CJEU decision in Meltwater – the internet is saved, browsing does not require a licence

By Phil Sherrell, Will Smith


The CJEU today handed down its judgment in the Meltwater case, Public Relations Consultants Association Ltd (PRCA) v The Newspaper Licensing Agency Limited and Others (NLA), holding that on-screen and cached copies of websites generated by end-users in the course of browsing may be made without the authorisation of copyright holders.


Meltwater provided an online media monitoring service called Meltwater News. Subscribers to the service were sent emails containing the headlines of online articles, hyperlinks to the articles' publishers' websites and short extracts of the articles themselves. The NLA brought proceedings for copyright infringement against Meltwater and PRCA who represented UK public relations providers who used Meltwater News. The NLA claimed that the end-users of the service required a licence to receive it as, through ordinary use of the service, on-screen and cached copies of works in which copyright subsisted would be made on the end-users' computers when they accessed and browsed newspaper websites.

The High Court and the Court of Appeal had both held that end-users of Meltwater News did need a licence from the NLA because they were unable to rely on the temporary copies exception Article 5(1) of the Copyright Directive 2001/29/EC.

However, the UK Supreme Court strongly expressed the view that the temporary copies exception should apply to on screen and 'cached' copies of copyright protected works generated in the course of ordinary browsing. Notwithstanding its conclusions, in light of the importance of the issue to millions of internet users, not only in the UK but across the EU, the Supreme Court referred a question to the CJEU, summarised by the CJEU as follows:

"…whether Article 5 of Directive 2001/29 must be interpreted as meaning that the on-screen copies and the cached copies made by an end-user in the course of viewing a website satisfy the conditions that those copies must be temporary, that they must be transient or incidental in nature and that they must constitute an integral and essential part of a technological process, and, if so, whether those copies may be made without the authorisation of the copyright holders."

The CJEU Judgment


The CJEU had no difficulty holding that both the cached copies and the on-screen copies were temporary within the meaning of the Directive, even though cached copies may be retained for some time depending on the extent and frequency of internet use.

Transient or incidental

The CJEU recalled that an act is transient if its duration is limited to what is necessary for the technical process concerned to work properly. Therefore, it was irrelevant that the on-screen copy remained in existence for as long as the user's browser was kept open because during this time the technical process used for viewing the site remained active. The on-screen copies were therefore transient within the meaning of the Directive.

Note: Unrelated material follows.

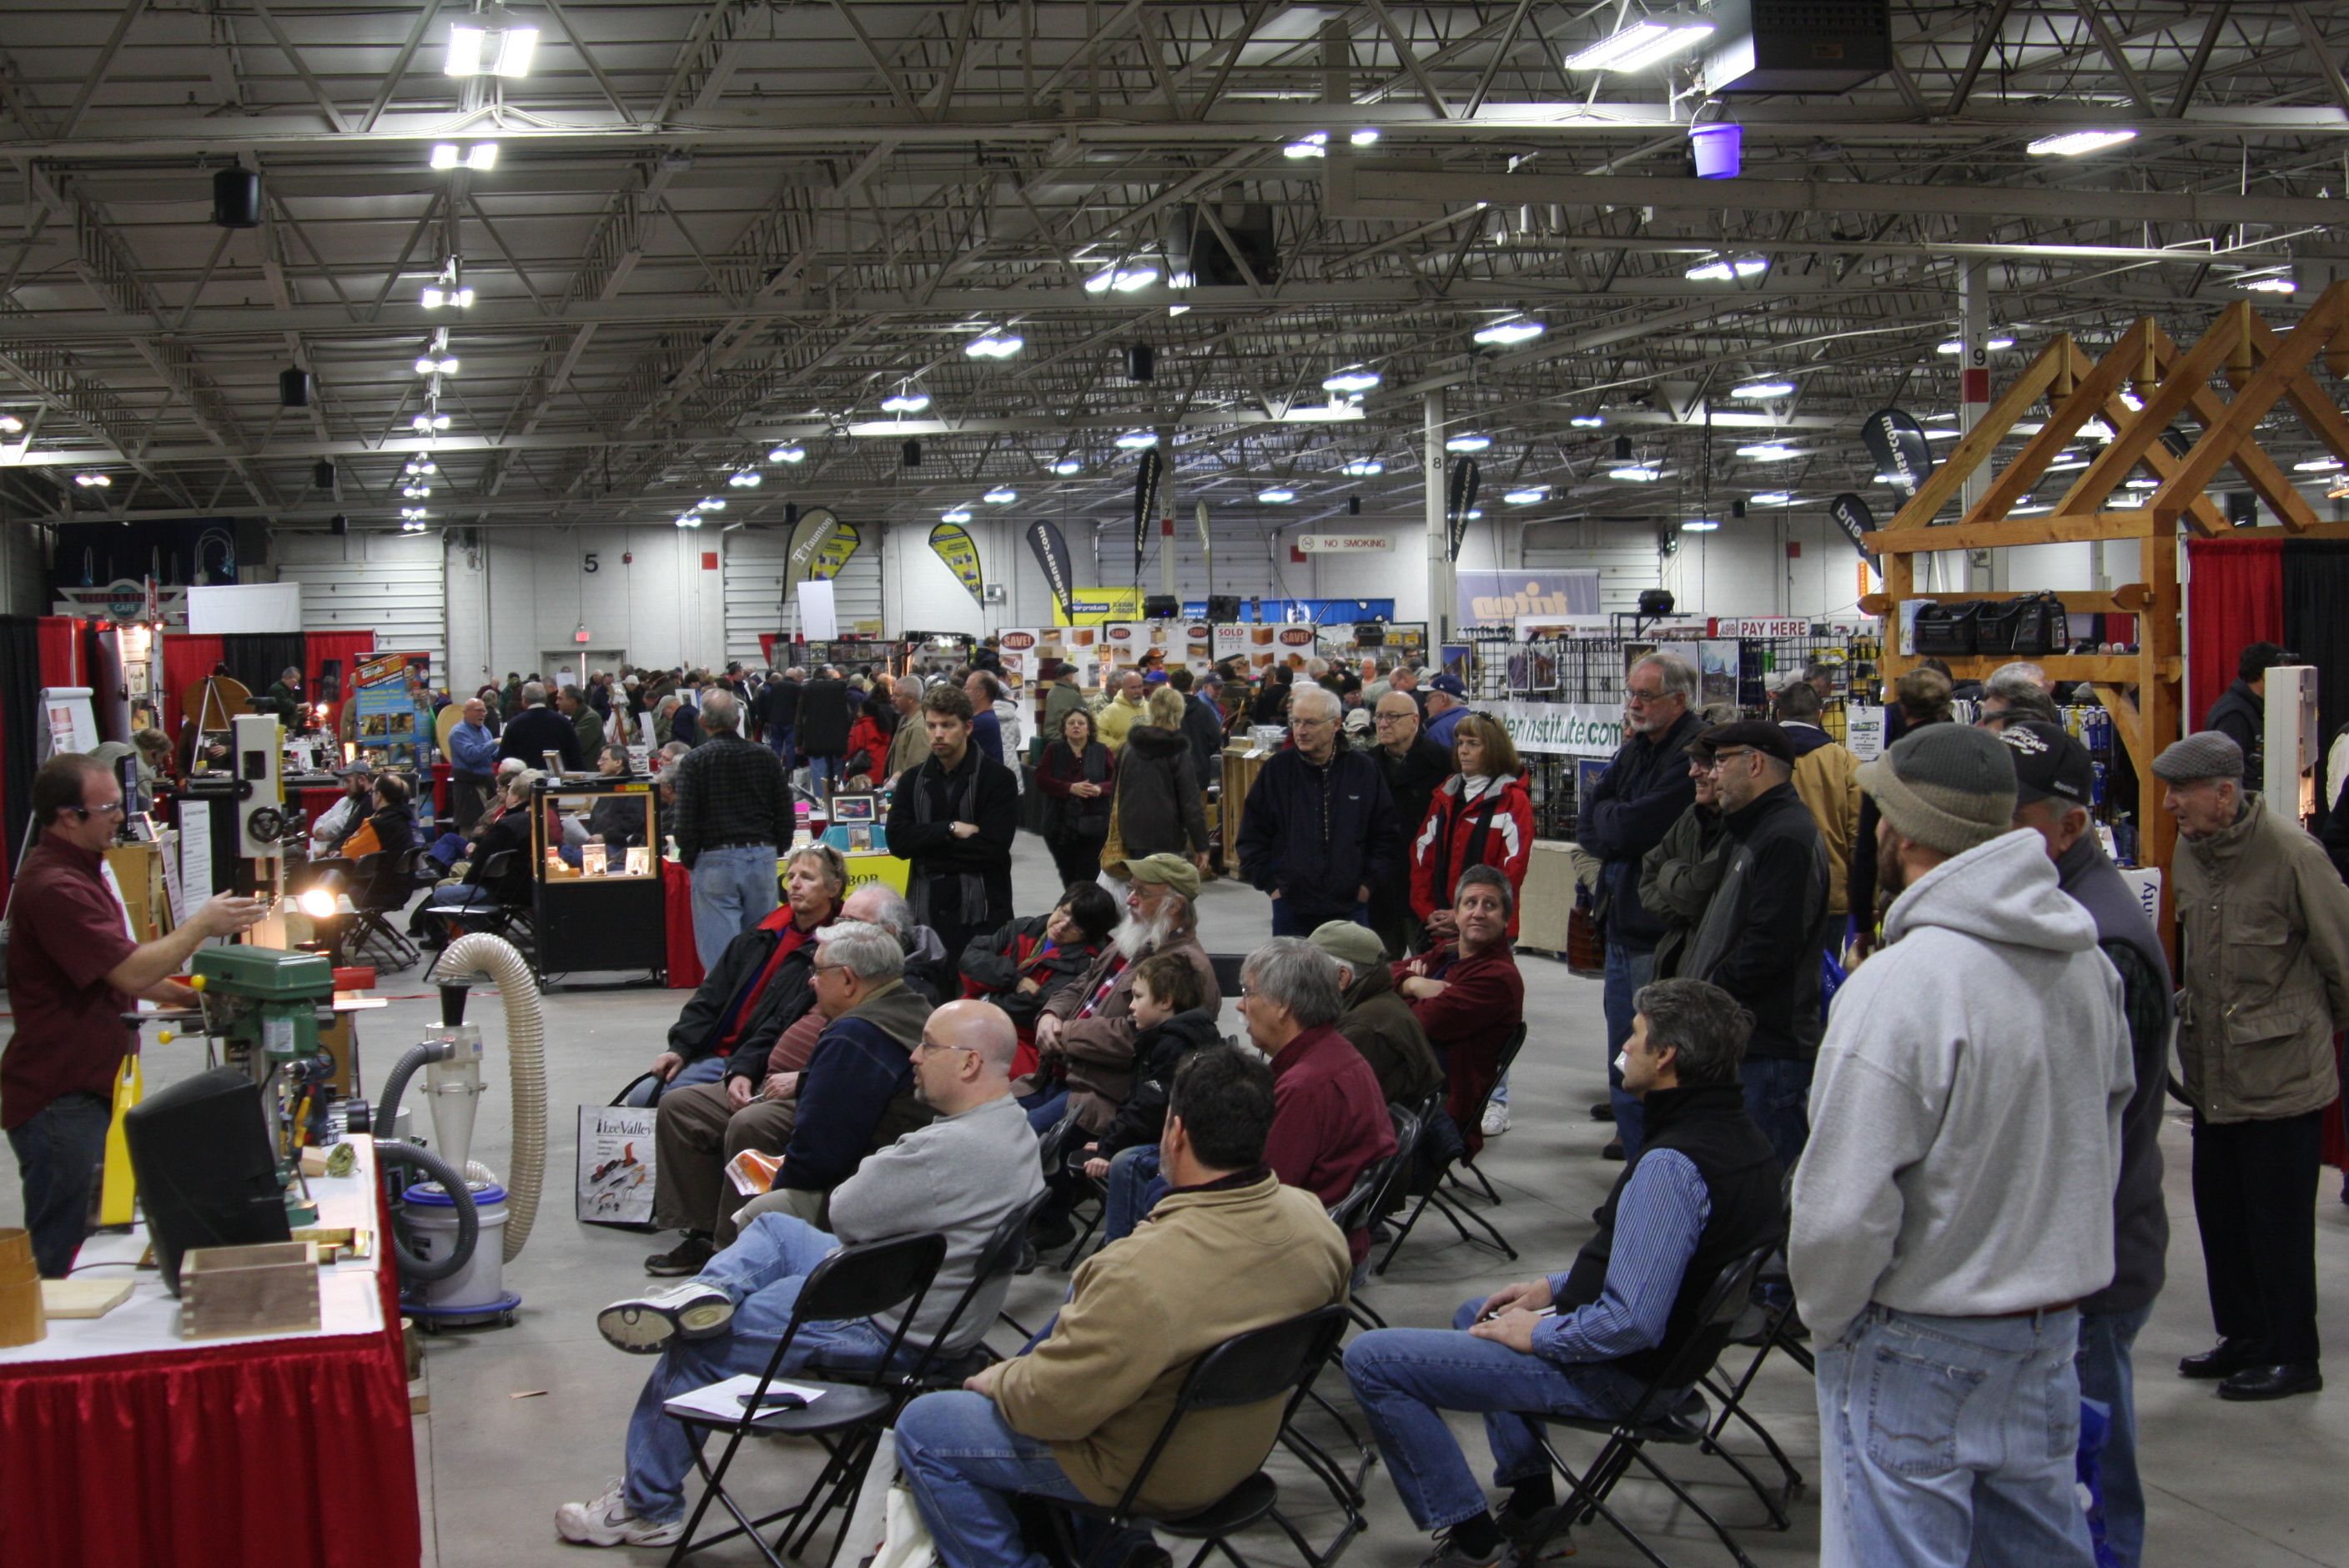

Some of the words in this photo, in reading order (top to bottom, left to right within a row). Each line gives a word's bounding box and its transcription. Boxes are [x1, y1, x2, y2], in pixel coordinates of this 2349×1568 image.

In contrast, the cached copies were not necessarily transient because they remained for a period after the process for viewing the site is terminated. However, the cached copies were held to be incidental in light of the technical process used because they did not exist independently of nor have an independent purpose outside of internet browsing.

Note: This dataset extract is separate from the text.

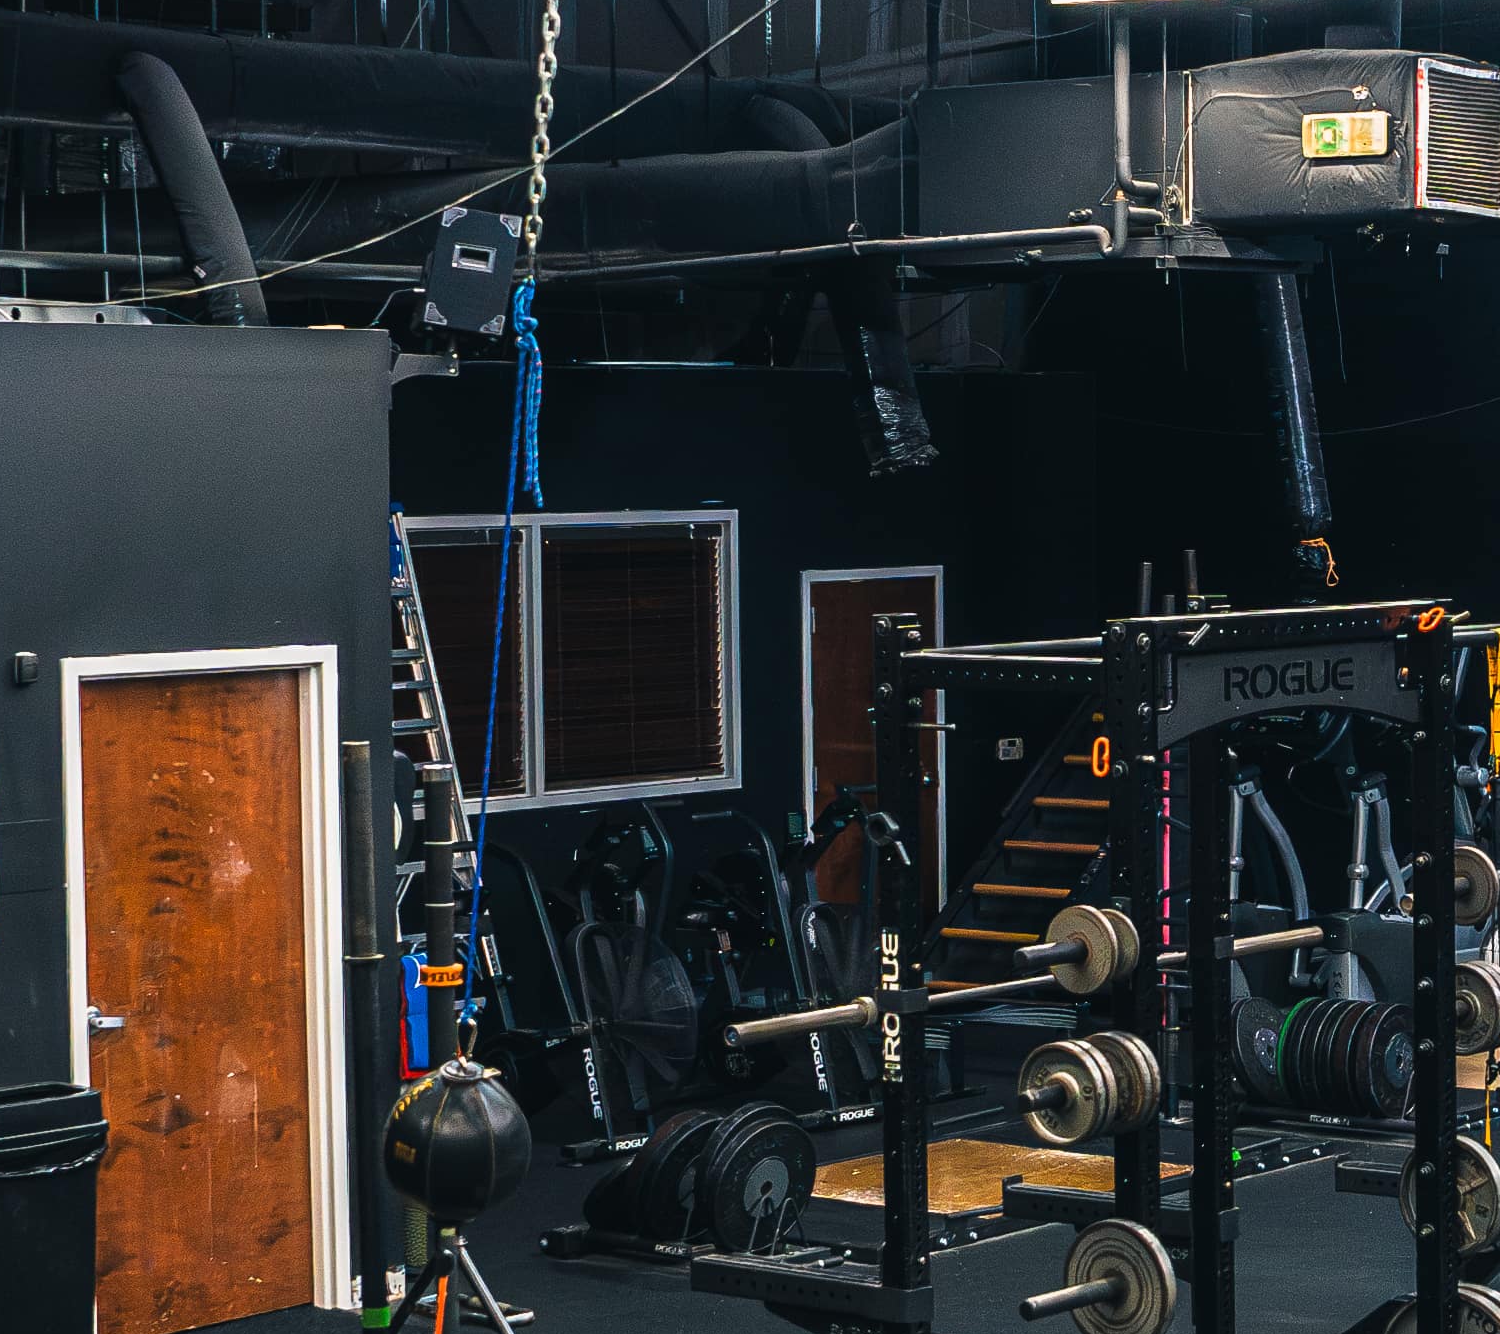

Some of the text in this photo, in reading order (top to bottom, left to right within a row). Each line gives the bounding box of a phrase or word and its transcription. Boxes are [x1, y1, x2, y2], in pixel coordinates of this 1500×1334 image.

[1223, 657, 1355, 702] ROGUE
[581, 1047, 604, 1120] ROGUE
[838, 1106, 877, 1123] ROGUE

An integral and essential part of the technical process

The CJEU held that both the on-screen and cached copies were integral to internet browsing. It was irrelevant that the process by which copies were made and deleted was activated by the intervention of the internet user.

Without cached copies the internet would be unable to cope with the volume of data transmitted online and browsing would not function properly. Cached copies were therefore essential within the meaning of the Directive. It was not in dispute that the on-screen copies were also essential to viewing websites.

It was therefore held that both the on-screen copies and the cached copies satisfied the three requirements of the Article 5(1) of the Directive which were in issue.

The CJEU went on to consider whether to allow the exemption would unreasonably prejudice the legitimate interests of rights holders and therefore be unlawful under Article 5(5) of the Directive.

Under Article 3(1) of the Directive, any publishers requires authorisation from rights holders prior displaying works online. In the judgment of the CJEU this ability to control the primary act of placing the content online provides sufficient protection for copyright holders without internet users requiring further authorisation to view it.


This decision has the effect that everyday users of the internet will not infringe copyright through browsing websites. Consequently, the internet will not be brought to its knees (at least in a legal sense) as some commentators feared and from the point of view of the reasonable expectations of internet users, this is a sensible decision.

Importantly, it should be noted that this decision applies only to browsing.  It does not legitimise printing out or downloading the content of websites without the permission of copyright owners. Nor does it affect the recent CJEU decision in Svensson on linking.

From an industry perspective, the decision will have interesting implications for the NLA's licences (which were the origin of the dispute).  These currently require a payment by end users for acts which do not require a licence as a result of this decision.